Print out the data exactly, keeping every image out of it.

━━━━━━━━

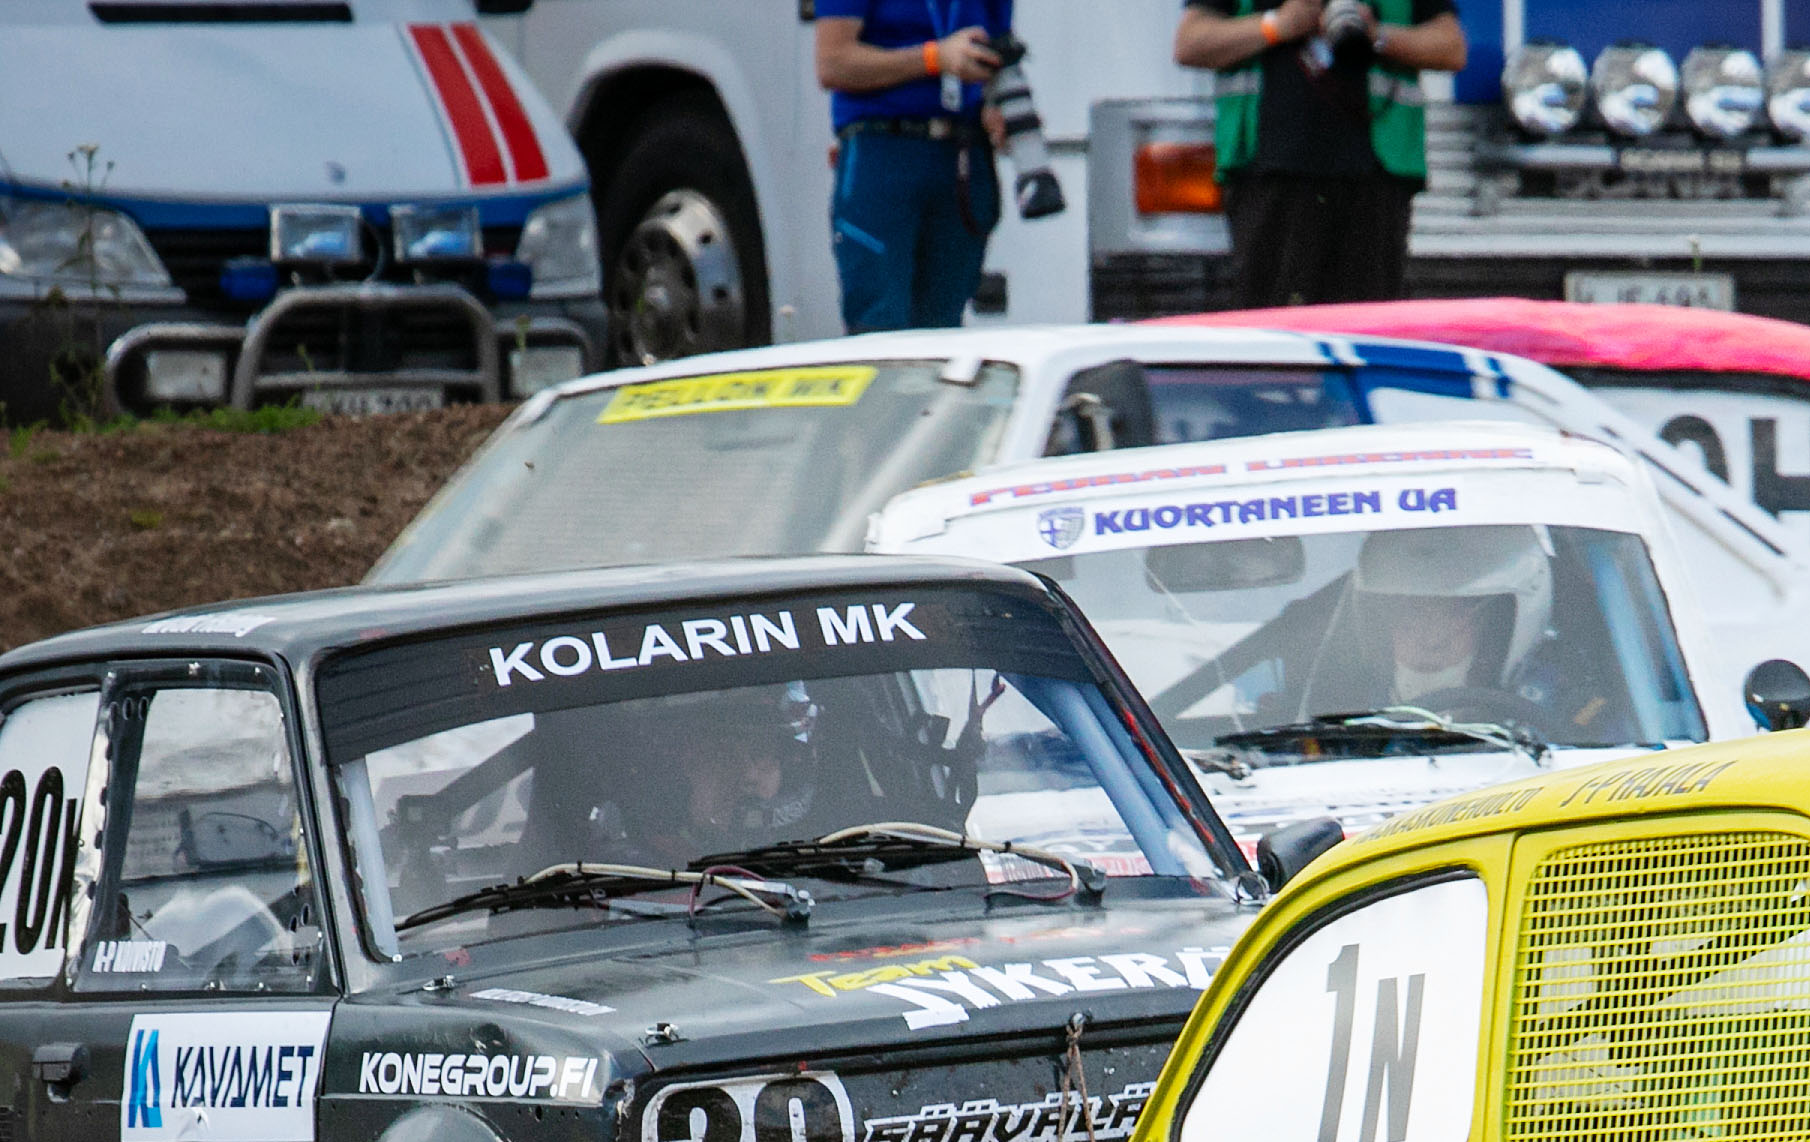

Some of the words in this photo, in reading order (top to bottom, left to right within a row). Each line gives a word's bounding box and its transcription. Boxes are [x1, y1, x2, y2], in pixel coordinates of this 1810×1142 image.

[1095, 487, 1382, 535] KUORTANEEN
[1399, 488, 1457, 513] UA
[489, 611, 800, 687] KOLARIN
[816, 602, 927, 646] MK
[171, 1045, 314, 1108] KAVAMET
[359, 1052, 598, 1098] KONEGROUP.FI

━━━━━━━━

• _WORKED SOLUTION_:
Some of the words in this photo, in reading order (top to bottom, left to right within a row). Each line gives a word's bounding box and its transcription. Boxes are [x1, y1, x2, y2], in pixel coordinates of this 1810×1142 image.

[1095, 487, 1382, 535] KUORTANEEN
[1399, 488, 1457, 513] UA
[489, 611, 800, 687] KOLARIN
[816, 602, 927, 646] MK
[171, 1045, 314, 1108] KAVAMET
[359, 1052, 598, 1098] KONEGROUP.FI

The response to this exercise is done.